On Thu, 2016-12-01 at 15:20 -0500, David Miller wrote:
> From: Eric Dumazet <eric.duma...@gmail.com>
> Date: Thu, 01 Dec 2016 09:04:17 -0800
> > On Thu, 2016-12-01 at 17:04 +0100, Jesper Dangaard Brouer wrote:
> >> When qdisc layer or trafgen/af_packet see this indication it knows it
> >> should/must flush the queue when it don't have more work left. Perhaps
> >> through net_tx_action(), by registering itself and e.g. if qdisc_run()
> >> is called and queue is empty then check if queue needs a flush. I would
> >> also allow driver to flush and clear this bit.

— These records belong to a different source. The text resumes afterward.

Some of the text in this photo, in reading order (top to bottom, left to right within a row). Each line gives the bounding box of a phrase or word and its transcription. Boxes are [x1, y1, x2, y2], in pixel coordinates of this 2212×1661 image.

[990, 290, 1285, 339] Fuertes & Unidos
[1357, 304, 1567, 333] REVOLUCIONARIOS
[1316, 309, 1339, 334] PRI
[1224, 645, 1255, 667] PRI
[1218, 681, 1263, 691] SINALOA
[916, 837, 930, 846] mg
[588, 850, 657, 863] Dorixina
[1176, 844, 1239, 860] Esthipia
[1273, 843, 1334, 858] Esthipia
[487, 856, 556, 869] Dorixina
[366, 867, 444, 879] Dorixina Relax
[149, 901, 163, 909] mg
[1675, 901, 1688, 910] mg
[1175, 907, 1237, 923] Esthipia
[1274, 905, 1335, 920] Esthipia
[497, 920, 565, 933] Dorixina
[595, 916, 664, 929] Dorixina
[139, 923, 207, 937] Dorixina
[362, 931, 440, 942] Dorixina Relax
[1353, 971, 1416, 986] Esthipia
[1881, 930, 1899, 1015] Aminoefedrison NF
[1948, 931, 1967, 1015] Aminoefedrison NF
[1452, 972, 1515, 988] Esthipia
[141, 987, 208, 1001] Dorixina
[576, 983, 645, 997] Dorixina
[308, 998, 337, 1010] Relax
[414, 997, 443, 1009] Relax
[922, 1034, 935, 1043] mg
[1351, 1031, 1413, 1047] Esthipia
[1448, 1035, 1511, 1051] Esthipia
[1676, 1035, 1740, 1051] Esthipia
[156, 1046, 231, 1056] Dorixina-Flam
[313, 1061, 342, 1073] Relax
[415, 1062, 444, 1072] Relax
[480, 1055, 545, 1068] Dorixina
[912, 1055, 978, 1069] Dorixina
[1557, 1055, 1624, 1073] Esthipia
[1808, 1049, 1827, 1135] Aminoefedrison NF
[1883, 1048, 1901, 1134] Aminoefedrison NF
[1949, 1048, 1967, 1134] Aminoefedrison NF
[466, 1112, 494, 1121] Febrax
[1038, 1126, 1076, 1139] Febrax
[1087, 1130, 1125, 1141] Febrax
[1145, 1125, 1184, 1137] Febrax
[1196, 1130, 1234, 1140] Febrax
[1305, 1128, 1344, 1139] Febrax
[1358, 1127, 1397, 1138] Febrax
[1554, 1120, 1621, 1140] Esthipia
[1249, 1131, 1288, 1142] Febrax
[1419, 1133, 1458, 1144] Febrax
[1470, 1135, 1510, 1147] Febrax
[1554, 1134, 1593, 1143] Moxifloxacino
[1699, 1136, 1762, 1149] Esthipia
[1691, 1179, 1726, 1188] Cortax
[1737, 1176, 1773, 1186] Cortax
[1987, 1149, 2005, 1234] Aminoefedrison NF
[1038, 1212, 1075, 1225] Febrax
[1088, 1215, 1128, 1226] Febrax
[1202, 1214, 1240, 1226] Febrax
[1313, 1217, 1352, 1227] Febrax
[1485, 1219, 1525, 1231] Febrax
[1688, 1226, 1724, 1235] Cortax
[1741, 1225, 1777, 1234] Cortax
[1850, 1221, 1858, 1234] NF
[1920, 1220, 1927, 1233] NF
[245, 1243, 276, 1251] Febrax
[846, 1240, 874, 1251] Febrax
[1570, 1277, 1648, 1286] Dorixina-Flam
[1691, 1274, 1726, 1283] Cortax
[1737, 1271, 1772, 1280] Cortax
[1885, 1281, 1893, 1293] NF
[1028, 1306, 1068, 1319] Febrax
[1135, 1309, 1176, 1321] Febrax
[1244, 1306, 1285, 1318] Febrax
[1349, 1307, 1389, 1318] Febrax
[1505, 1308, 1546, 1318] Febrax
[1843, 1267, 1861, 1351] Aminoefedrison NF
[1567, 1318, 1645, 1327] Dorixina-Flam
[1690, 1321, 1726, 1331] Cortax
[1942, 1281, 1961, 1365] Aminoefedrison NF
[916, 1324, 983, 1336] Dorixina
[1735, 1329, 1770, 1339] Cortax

> > net_tx_action() is not normally called, unless BQL limit is hit and/or
> > some qdiscs with throttling (HTB, TBF, FQ, ...)
> The one thing I wonder about is whether we should "ramp up" into a mode
> where the NAPI poll does the doorbells instead of going directly there.
> Maybe I misunderstand your algorithm, but it looks to me like if there
> are any active packets in the TX queue at enqueue time you will defer
> the doorbell to the interrupt handler.
> Let's say we put 1 packet in, and hit the doorbell.
> Then another packet comes in and we defer the doorbell to the IRQ.
> At this point there are a couple things I'm unclear about.
> For example, if we didn't hit the doorbell, will the chip still take a
> peek at the second descriptor? Depending upon how the doorbell works
> it might, or it might not.
It might depend on the hardware. I can easily check on mlx4, by
increasing tx-usecs and tx-frames, and sending 2 packets back to back.
> Either way, wouldn't there be a possible condition where the chip
> wouldn't see the second enqueued packet and we'd thus have the wire
> idle until the interrupt + NAPI runs and hits the doorbell?
> This is why I think we should "ramp up" the doorbell deferral, in
> order to avoid this potential wire idle time situation.
> Maybe the situation I'm worried about is not possible, so please
> explain it to me :-)
This is absolutely the problem. We might need to enable this mode only
above a given load. We could have an EWMA of the number of packets
that TX completion runs can dequeue. And enable auto doorbell only if we
have that many packets in the TX ring (instead of the "1 packet
threshold" of the WIP)